The debt ceiling, nevertheless, is a statute that fixes the debt that the U.S. can incur and that Congress continues to increase every time it reaches the top. This is what is happening now with the ceiling of $14 trillion, but the United States will not stop paying its unpayable debt, nor will it renew the expiring debt. The Constitution demands honoring public debt but doesn’t prohibit devaluation, of course, and reserves the government the right to resort to the devaluation of currency. By arriving at the ceiling without obtaining congressional authorization to raise it, the government will stop funding social programs and even salaries or suspend and lay off employees, but the financial roulette will continue. This situation illustrates the conditionality that financial capital imposes on the capitalist economy, in contrast to what took place in the 19th century, when states faced their crises through default and damage to creditors.

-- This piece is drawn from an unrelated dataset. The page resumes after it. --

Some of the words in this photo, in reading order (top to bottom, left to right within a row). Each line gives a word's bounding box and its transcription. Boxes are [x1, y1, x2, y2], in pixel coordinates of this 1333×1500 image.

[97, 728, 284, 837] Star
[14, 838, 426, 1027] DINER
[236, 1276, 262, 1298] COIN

Between Boudou and the Chinese

The American public debt has, nevertheless, some explosive characteristics. The most important is that 50 percent of it is in foreign hands — central banks and private holders. An internal inflation could diminish (devalue) the debt relative to the prices of other assets within the country and operate as a transfer of value to holders of different forms of capital. International creditors (China, Japan, Germany, Brazil) could resort to ridding themselves of the bonds and securities in their possession and hence cause a collapse of the American capital market and international trade. Since the bias in favor of creditors would be enormous, the management of the public debt would be the spark of a global political crisis.

Another characteristic is that the U.S. Federal Reserve, in this respect following the master Amado Boudou, has been buying short-term debt so that today it has 60 percent of it in its safe. This measure injected dollars into the banks and, meanwhile, reduced the supply of government bonds to support its price — proof that the debt is not payable and that its value in the market is fictitious. The Obama administration has the option of suspending the payment of that portion of the debt or circulating it to revive the economy. This, nevertheless, would not only trigger an internal reaction by the large banks but also, with certainty, lead to an outflow of capital.

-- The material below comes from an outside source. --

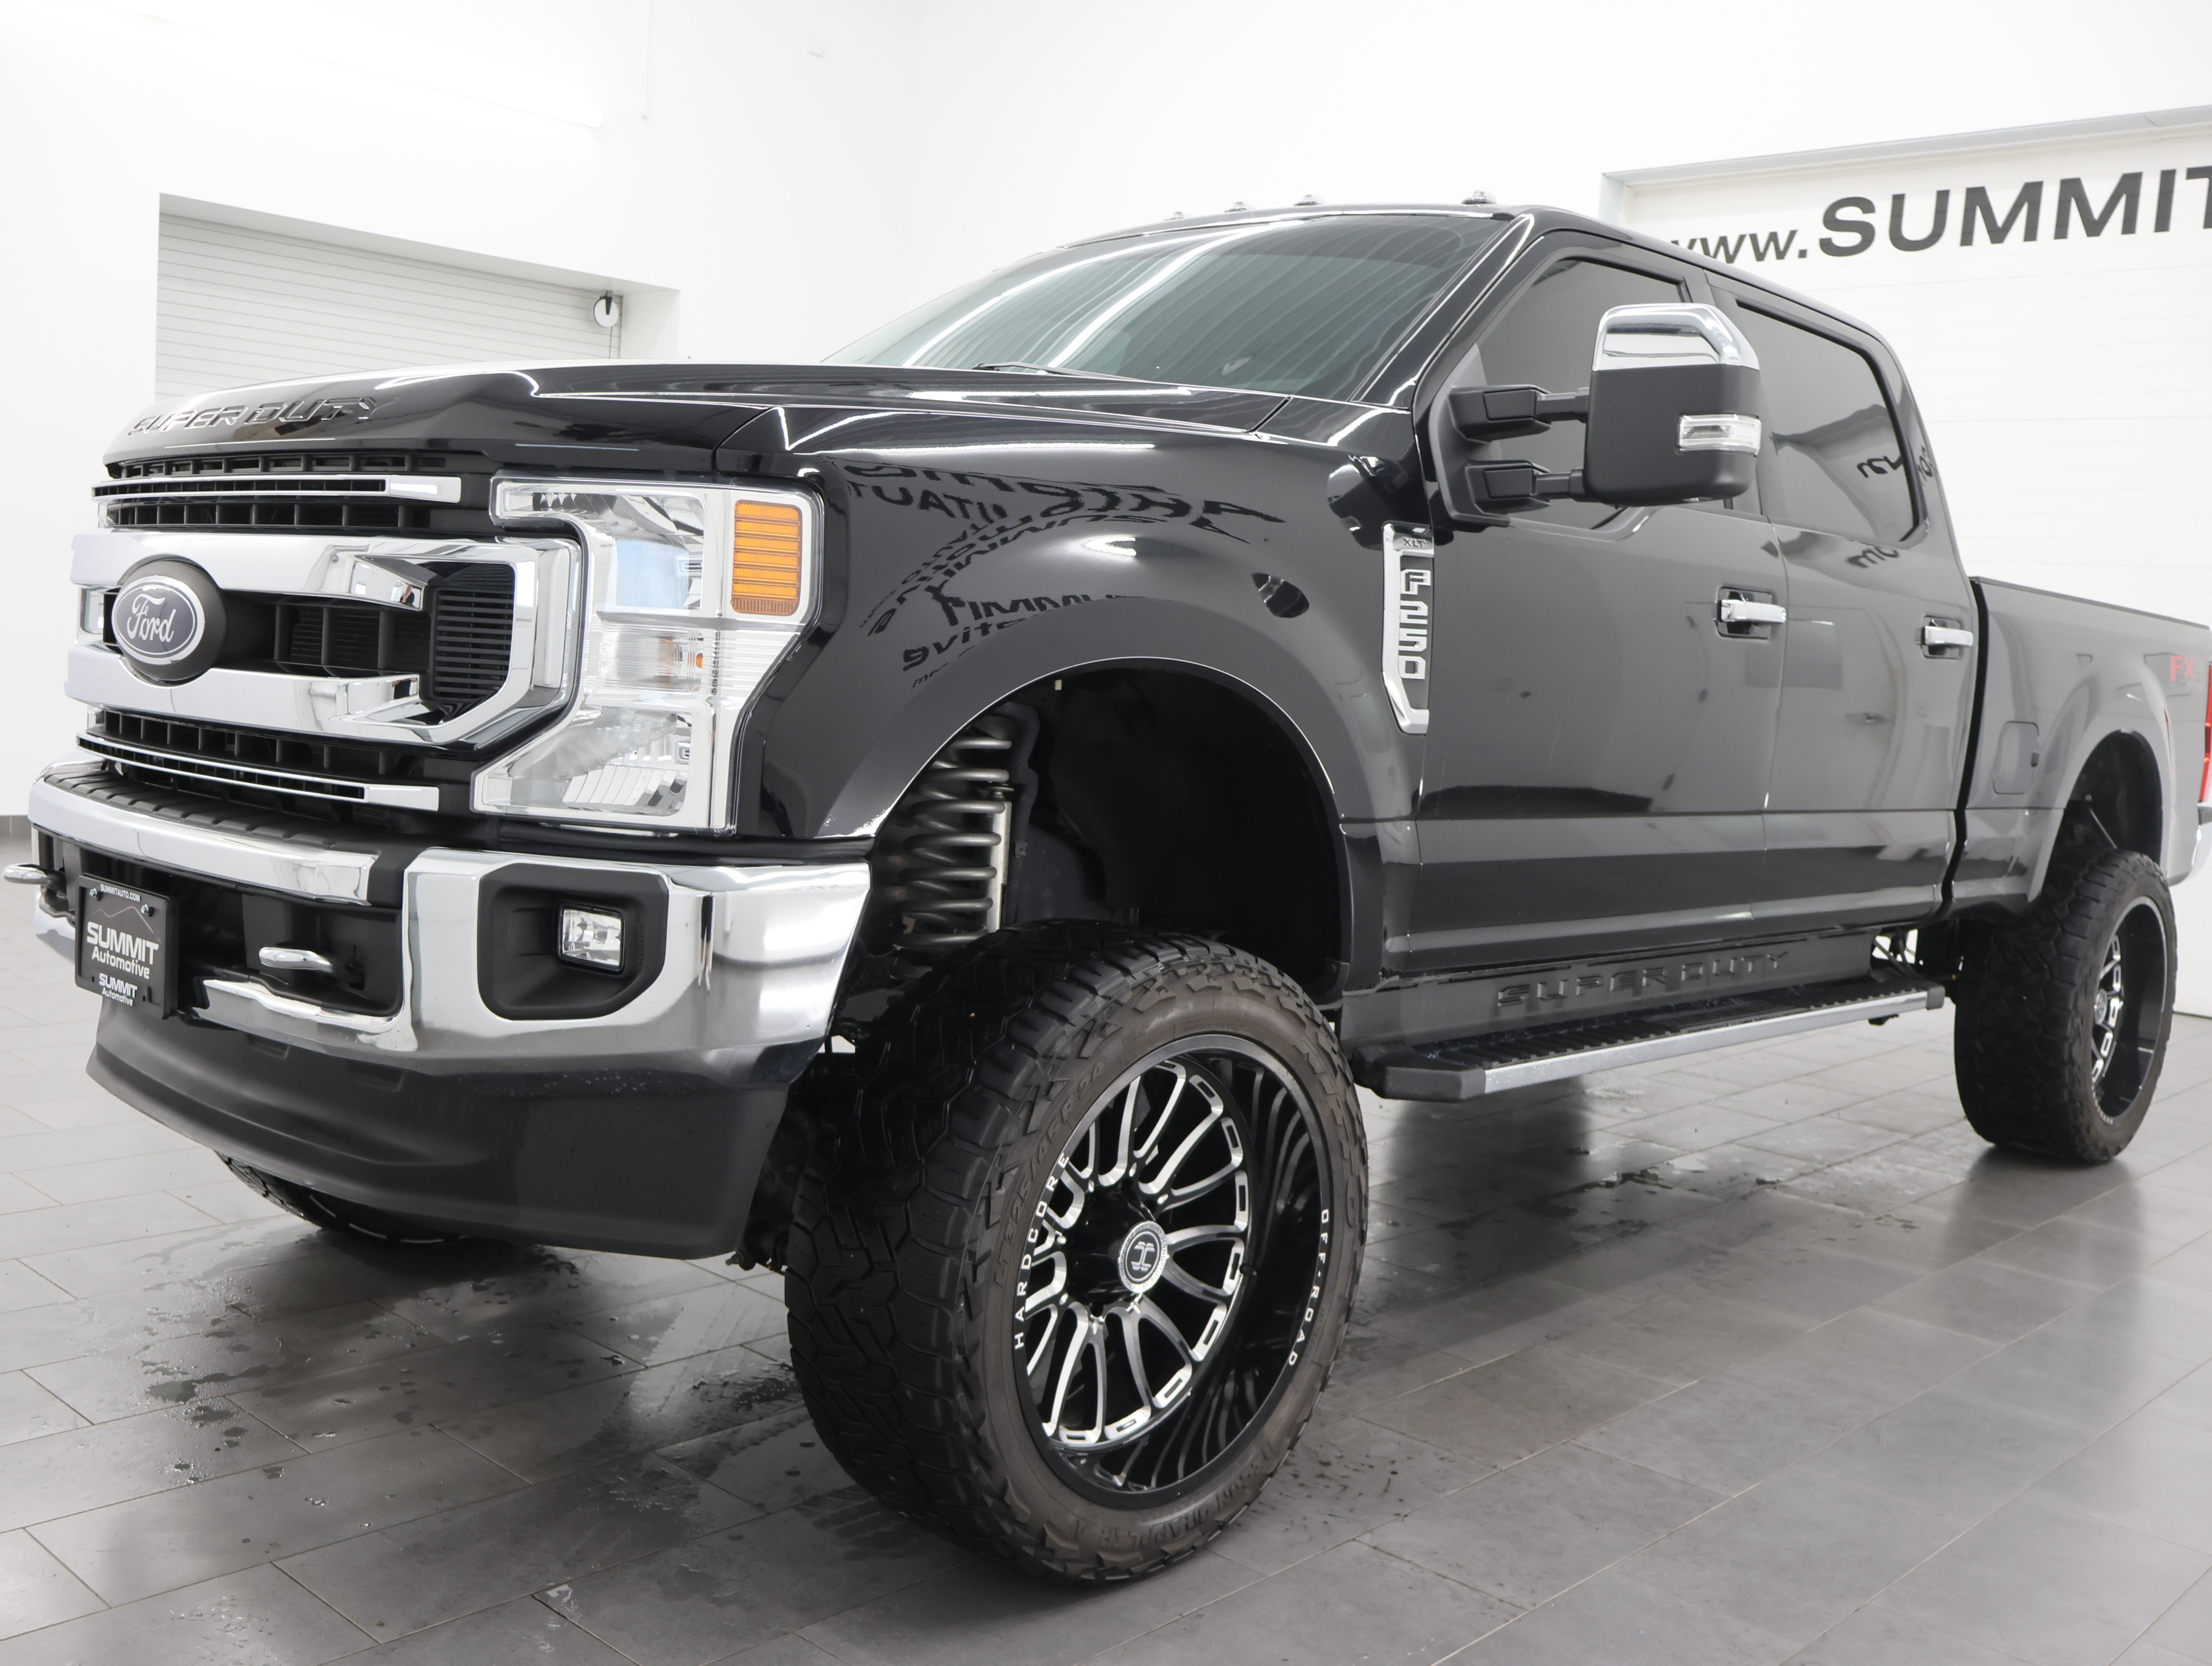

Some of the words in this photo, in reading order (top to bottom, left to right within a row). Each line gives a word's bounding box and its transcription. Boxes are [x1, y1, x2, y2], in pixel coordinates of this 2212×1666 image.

Obama wants Congress to raise the debt ceiling, a change accompanied by reduction of the deficit within six years. The Republicans are in opposition and are making two counter offers: the rise of the debt ceiling will cover only one fiscal year, and the reduction of the deficit must be more than what Obama promised and emphasize on cutting social spending. The press presents the debt crisis as a confrontation between two types of adjustment, as a competition heading into the 2012 elections or a result of the pressure from the right of the Republican Party. However, it ignores the evidence of the impracticability of the current financial picture in the United States or the obligation to do what many already accept for Greece: the declaration of a default.

The Americans and the Greeks

In capitalism’s current state of financial development, the value of currency determines the price of public debt. The American debt is the next-to-last refuge of capital in the crisis; the last refuge, gold, would be the trigger of global collapse. It would deprive states from the means of financing themselves. The U.S. default reveals the universal character of the collapse of Greece.

Capitalism has arrived at a concentration of economic resources so large that crises may be alleviated through massive spending, which would elevate production, commercial activity and with them, public finances. The problem is that those resources are concentrated in private hands that operate on behalf of their own interests, and financial capital occupies the peak of that economic concentration. Therefore, such spending will impose nationalization or the encroachment of capitalist property by the capitalist state. In contrast to this tendency, the crisis has led to the blooming of an incendiary market: one of insurance against default where investors bet on whether there will be a failure of payments, as if the companies that sell that insurance could meet their commitments in the event of a crash.

Upon entering the fifth year of the crisis, all of the fundamentals of capitalism have been put in question.